READING the numerous letters complaining about the chaos in the driver’s licence renewals section of the traffic department followed up by as many comments from municipal spokesmen stating the prime cause is workload and understaffing, I have sincere sympathy for our new metro police chief Pinkie Mathabathe.
I hear the traffic offices were again closed on Friday. No wonder there is quite a workload!
Is there amid this chaos a real opportunity to not only provide Mr and Mrs Public with more acceptable service, but also create jobs for the young people desperately seeking work?
Reviewing the present situation, I am wondering whether the time is right for history to repeat itself once again and hopefully resolve the problems associated with driver licence renewals.
Some years ago, the roadworthy section was in chaos and ratepayers were compelled to take days off work to get into the queue in the hope of obtaining that roadworthy certificate.
Certain entrepreneurs saw not only an opportunity to provide better service but also to increase their income by applying to become registered as “roadworthy centres”.
We all know that many became immediate and ongoing successes.This resulted in a loss of income to the municipality, but happier motorists.
A few years later, again due to the traffic department’s inability to competently process motor vehicle licence renewals, the system was given to the post office, who have provided the ratepayers with the service they should have expected from their own municipal staff, and a further loss of income.
I see amid the chaos, the possibility of a real opportunity to provide “job opportunities” (President Zuma) or “real jobs” (Helen Zille) for some of the recent graduates and matriculants who are seeking careers.
They should form a company and with available professional guidance apply to the Department of Transport for permission to establish a driver’s licence renewal station in the metro.
Recent graduates and matriculants are generally competent in computer technology and it should be a relatively simple task to master the fully computerised licensing system.

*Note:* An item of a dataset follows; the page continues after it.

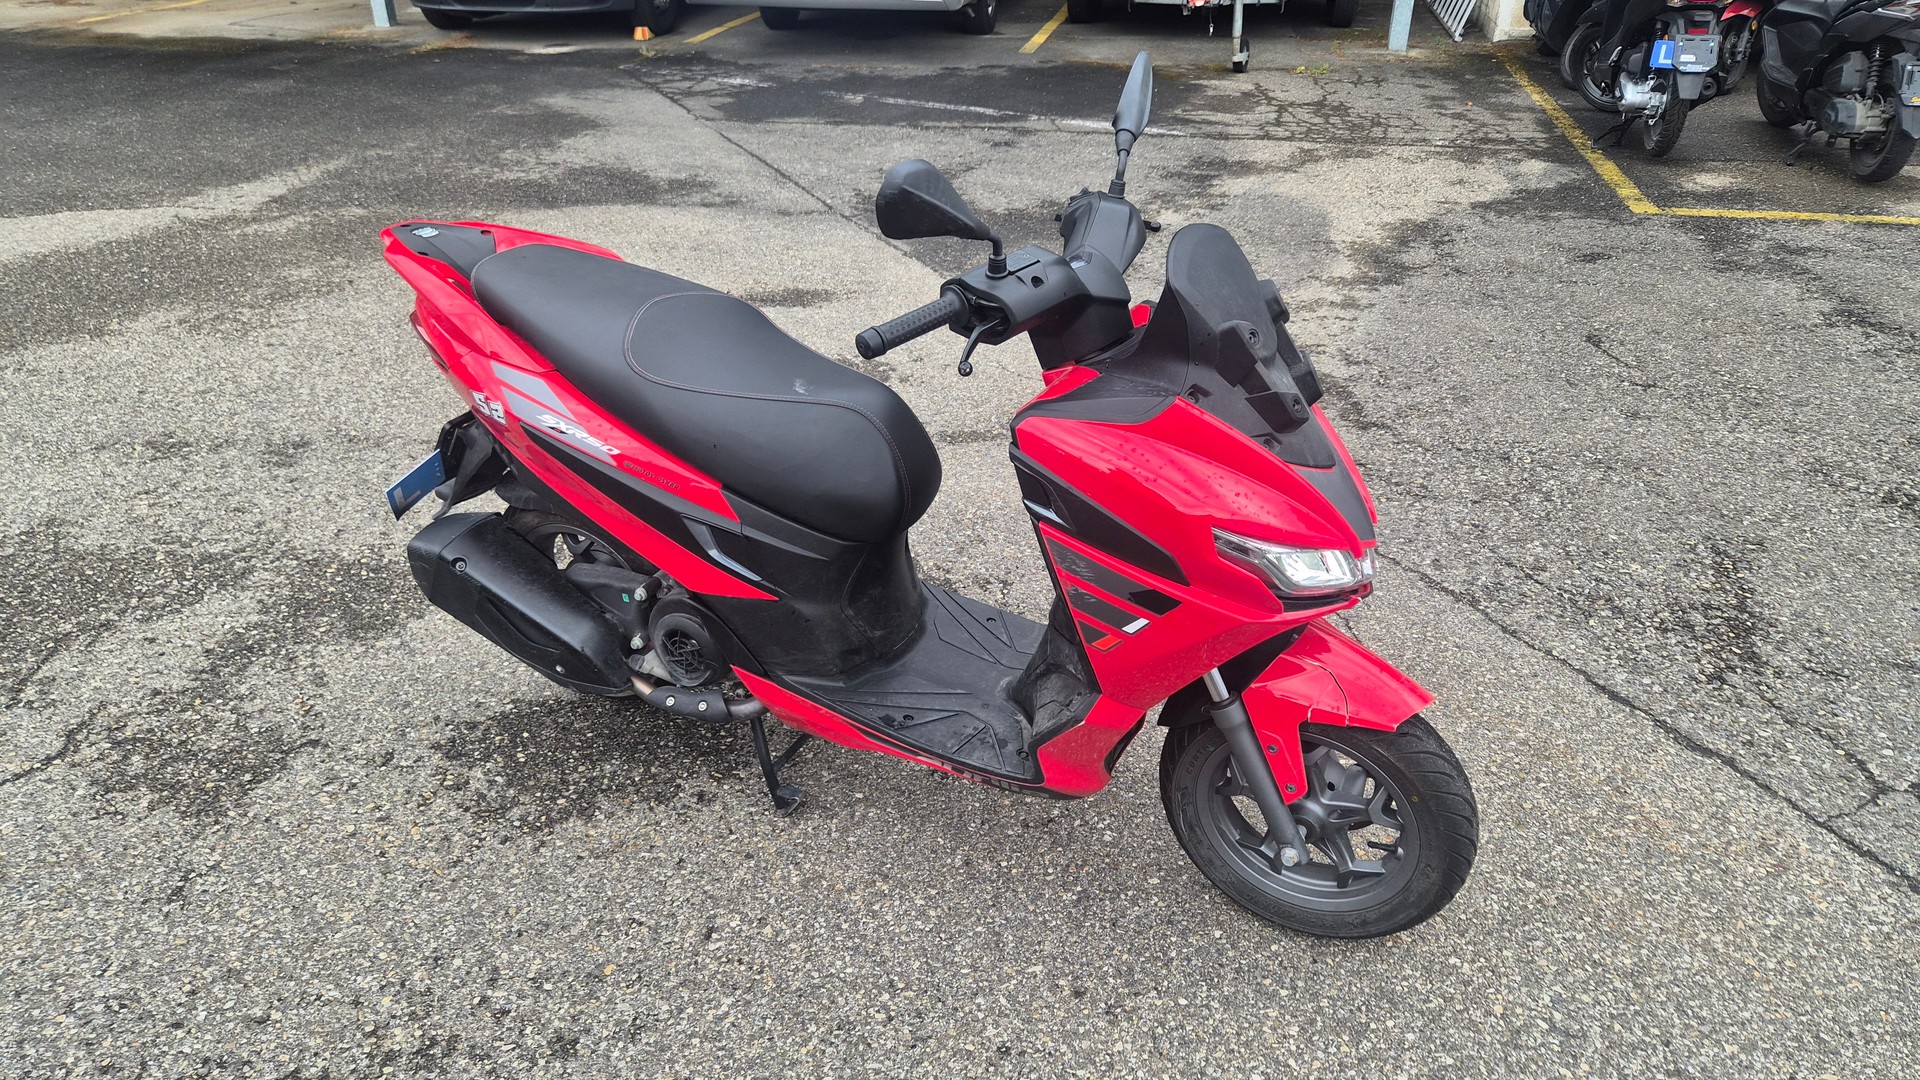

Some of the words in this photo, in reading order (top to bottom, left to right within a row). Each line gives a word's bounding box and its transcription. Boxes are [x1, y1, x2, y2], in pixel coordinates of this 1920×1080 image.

[1658, 44, 1672, 64] L
[536, 414, 622, 455] SXR50
[393, 487, 421, 511] L

In fact, with modern connectivity systems, offices could be set up in different areas of the metro providing a much more convenient customer service.

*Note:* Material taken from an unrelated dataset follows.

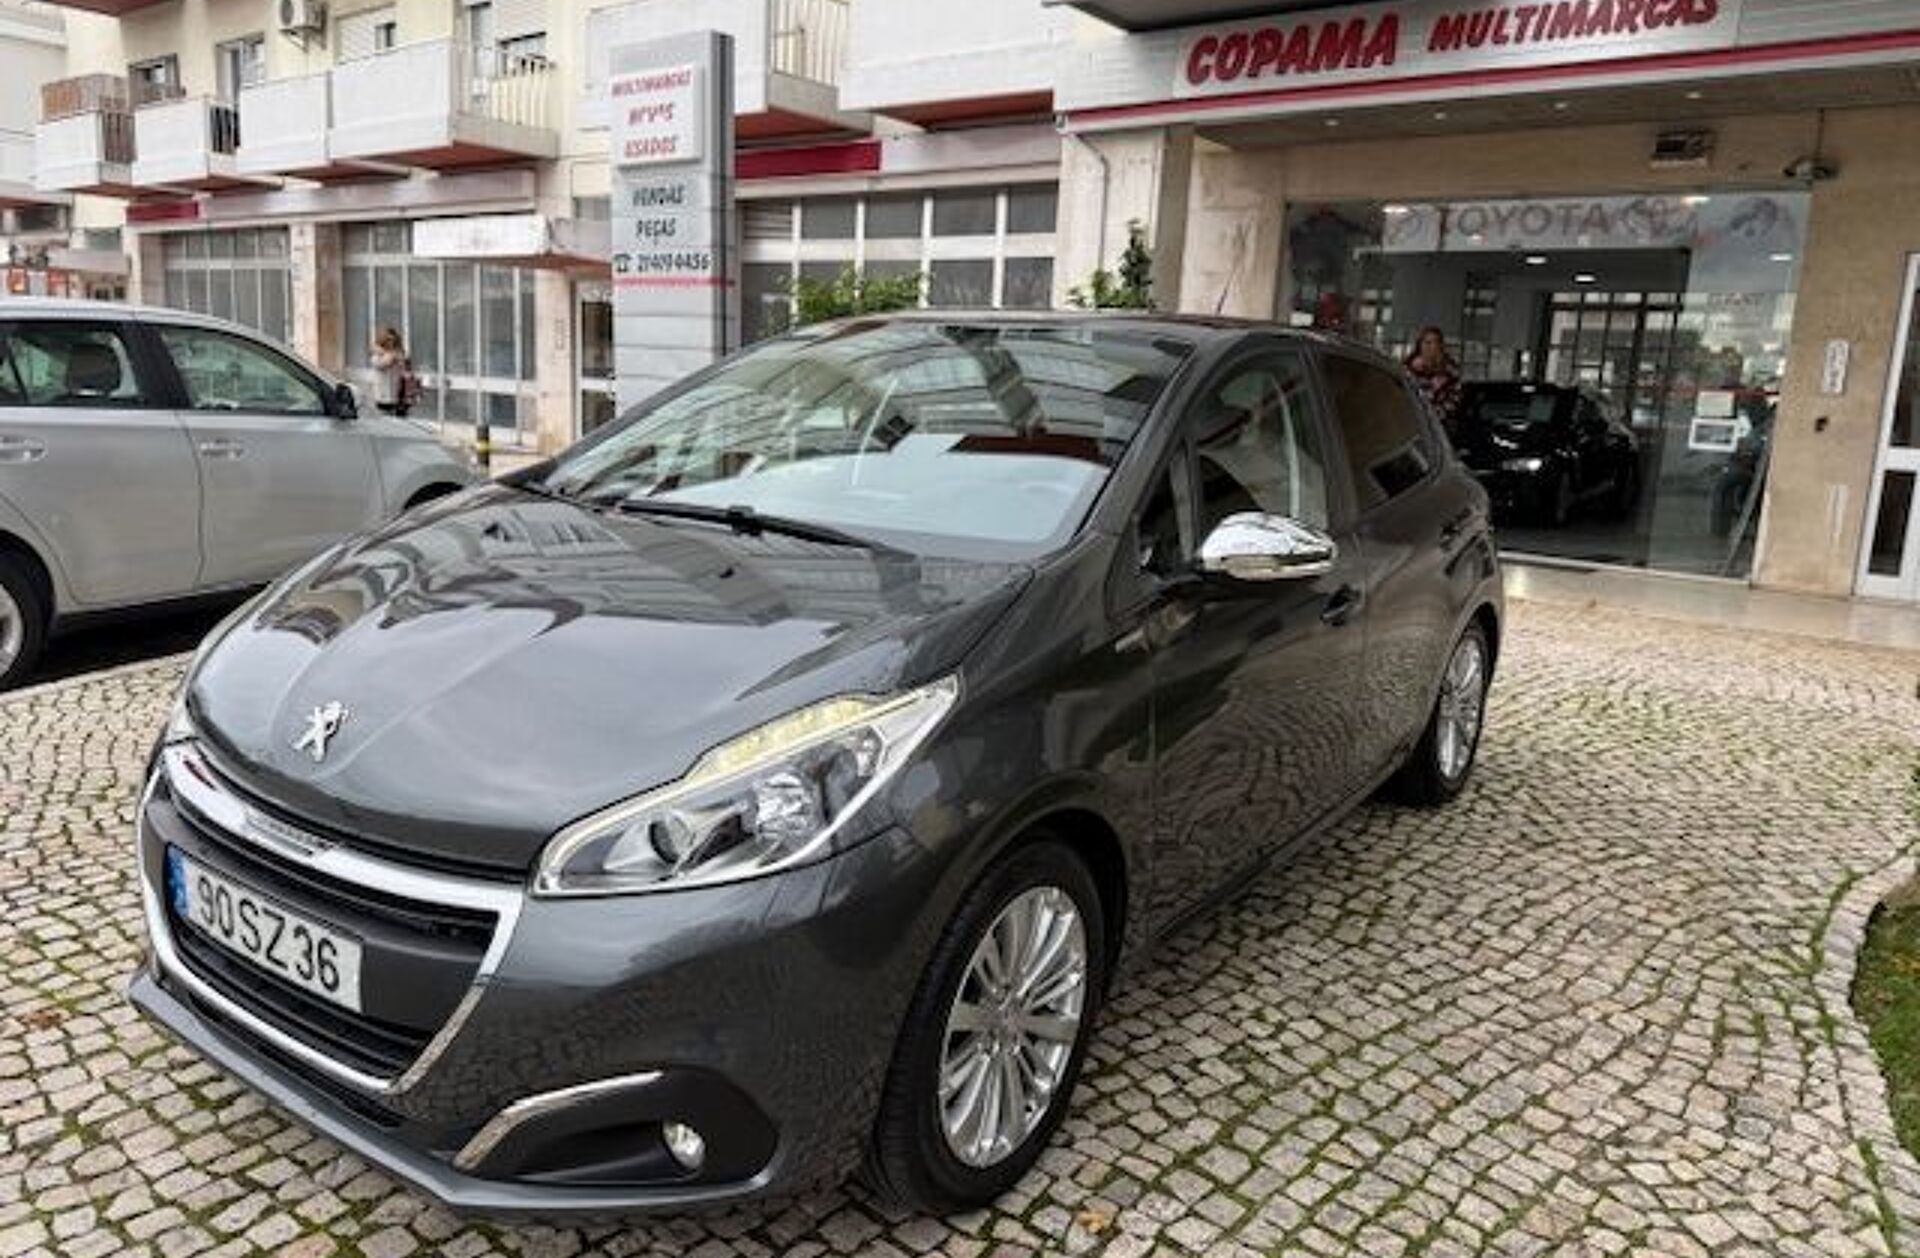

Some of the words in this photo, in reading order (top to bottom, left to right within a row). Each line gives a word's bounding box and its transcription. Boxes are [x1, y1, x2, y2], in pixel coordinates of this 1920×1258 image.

No more special trips to Uitenhage, Humansdorp, Port Alfred and other towns to get the service you should expect from your own metro officials.

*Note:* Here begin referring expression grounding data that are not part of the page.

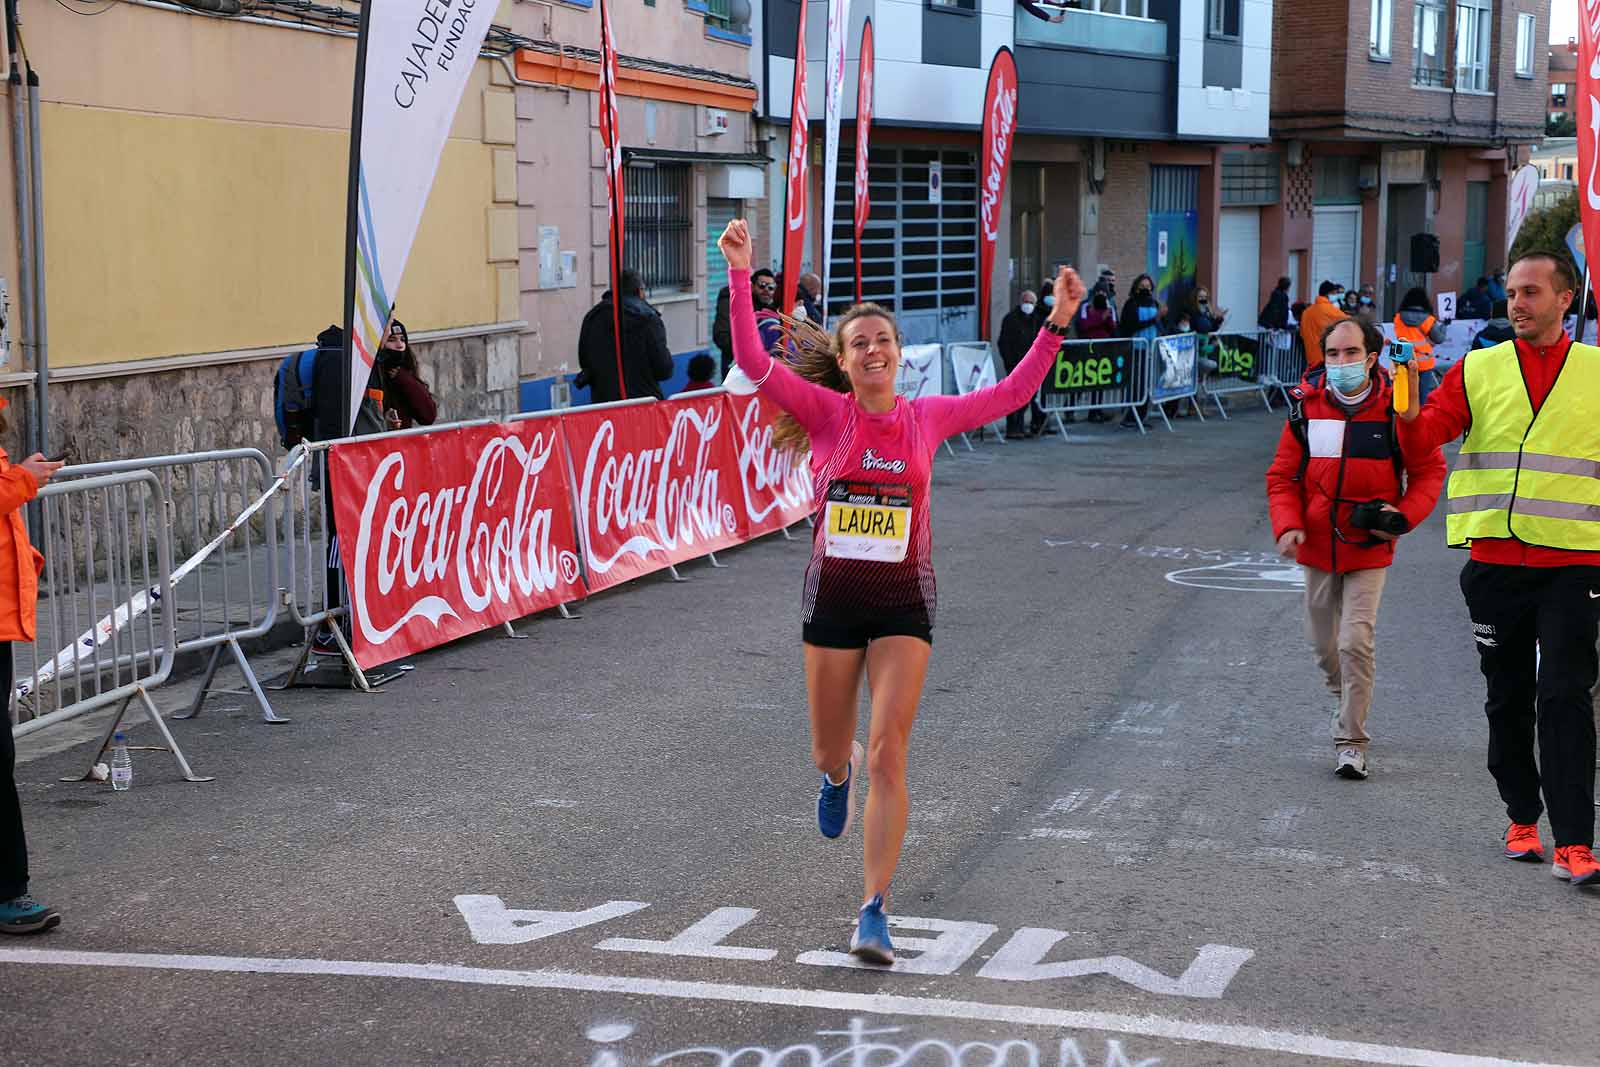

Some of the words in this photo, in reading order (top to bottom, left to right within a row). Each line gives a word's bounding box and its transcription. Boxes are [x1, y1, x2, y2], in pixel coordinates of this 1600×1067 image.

[394, 0, 452, 108] CAJADE
[1444, 297, 1452, 311] 2
[355, 428, 558, 645] Coca-Cola
[580, 405, 723, 574] Coca-Cola
[838, 508, 896, 537] LAURA
[453, 894, 1254, 998] META

The only downside would be a further loss of revenue to the traffic department.This brings forth another exciting opportunity, but this time for metro police chief Pinkie Mathabathe.
The police chief would now be able to concentrate her energy on visible policing and general traffic control without having the extra burden of administration unrelated to her role as police chief.
Many of the existing staff could be redeployed as “old-fashioned” traffic officers with shiny boots, a big silver star and a motorcycle.
The reduced number of administrative staff would now be able to concentrate on the outstanding fines, and reverse the negative cash flow.
Maybe with enthusiastic traffic cops on the beat again, her department will gain control of both the taxis and the breakdown trucks that also appear in regular press articles and letters.
Such actions will replace the reduced income and we all agree more visible policing will certainly improve overall road safety in our city.
This should be the main priority of any traffic and metro police force.